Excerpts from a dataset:
= = = = = = =
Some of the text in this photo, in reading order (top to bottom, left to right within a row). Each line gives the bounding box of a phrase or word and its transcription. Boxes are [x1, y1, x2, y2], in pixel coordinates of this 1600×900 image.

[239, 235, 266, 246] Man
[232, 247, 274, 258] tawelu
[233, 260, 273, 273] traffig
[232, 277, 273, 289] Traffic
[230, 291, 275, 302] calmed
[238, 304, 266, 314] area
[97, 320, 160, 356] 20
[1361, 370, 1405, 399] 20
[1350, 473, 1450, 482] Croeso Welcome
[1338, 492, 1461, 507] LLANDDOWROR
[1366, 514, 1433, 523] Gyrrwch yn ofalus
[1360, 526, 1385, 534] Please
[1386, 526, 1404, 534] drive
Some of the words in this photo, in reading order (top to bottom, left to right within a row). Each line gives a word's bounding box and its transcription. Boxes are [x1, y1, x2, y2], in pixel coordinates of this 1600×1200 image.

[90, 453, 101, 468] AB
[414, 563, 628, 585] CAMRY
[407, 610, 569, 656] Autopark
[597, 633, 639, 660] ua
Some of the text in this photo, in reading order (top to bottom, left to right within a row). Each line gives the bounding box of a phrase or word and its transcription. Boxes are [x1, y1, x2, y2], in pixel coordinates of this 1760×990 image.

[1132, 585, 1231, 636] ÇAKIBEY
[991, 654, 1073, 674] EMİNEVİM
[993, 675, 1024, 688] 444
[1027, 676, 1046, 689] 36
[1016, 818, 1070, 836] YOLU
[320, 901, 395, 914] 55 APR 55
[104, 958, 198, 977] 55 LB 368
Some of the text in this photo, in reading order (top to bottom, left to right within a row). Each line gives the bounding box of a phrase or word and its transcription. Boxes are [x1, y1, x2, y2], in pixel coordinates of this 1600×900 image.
= = = = = = =
# PROBLEM TO SOLVE
Give every line above again, word for word.

# ANSWER SPACE
Some of the text in this photo, in reading order (top to bottom, left to right within a row). Each line gives the bounding box of a phrase or word and its transcription. Boxes are [x1, y1, x2, y2], in pixel coordinates of this 1600×900 image.

[239, 235, 266, 246] Man
[232, 247, 274, 258] tawelu
[233, 260, 273, 273] traffig
[232, 277, 273, 289] Traffic
[230, 291, 275, 302] calmed
[238, 304, 266, 314] area
[97, 320, 160, 356] 20
[1361, 370, 1405, 399] 20
[1350, 473, 1450, 482] Croeso Welcome
[1338, 492, 1461, 507] LLANDDOWROR
[1366, 514, 1433, 523] Gyrrwch yn ofalus
[1360, 526, 1385, 534] Please
[1386, 526, 1404, 534] drive
Some of the words in this photo, in reading order (top to bottom, left to right within a row). Each line gives a word's bounding box and its transcription. Boxes are [x1, y1, x2, y2], in pixel coordinates of this 1600×1200 image.

[90, 453, 101, 468] AB
[414, 563, 628, 585] CAMRY
[407, 610, 569, 656] Autopark
[597, 633, 639, 660] ua
Some of the text in this photo, in reading order (top to bottom, left to right within a row). Each line gives the bounding box of a phrase or word and its transcription. Boxes are [x1, y1, x2, y2], in pixel coordinates of this 1760×990 image.

[1132, 585, 1231, 636] ÇAKIBEY
[991, 654, 1073, 674] EMİNEVİM
[993, 675, 1024, 688] 444
[1027, 676, 1046, 689] 36
[1016, 818, 1070, 836] YOLU
[320, 901, 395, 914] 55 APR 55
[104, 958, 198, 977] 55 LB 368
Some of the text in this photo, in reading order (top to bottom, left to right within a row). Each line gives the bounding box of a phrase or word and its transcription. Boxes are [x1, y1, x2, y2], in pixel coordinates of this 1600×900 image.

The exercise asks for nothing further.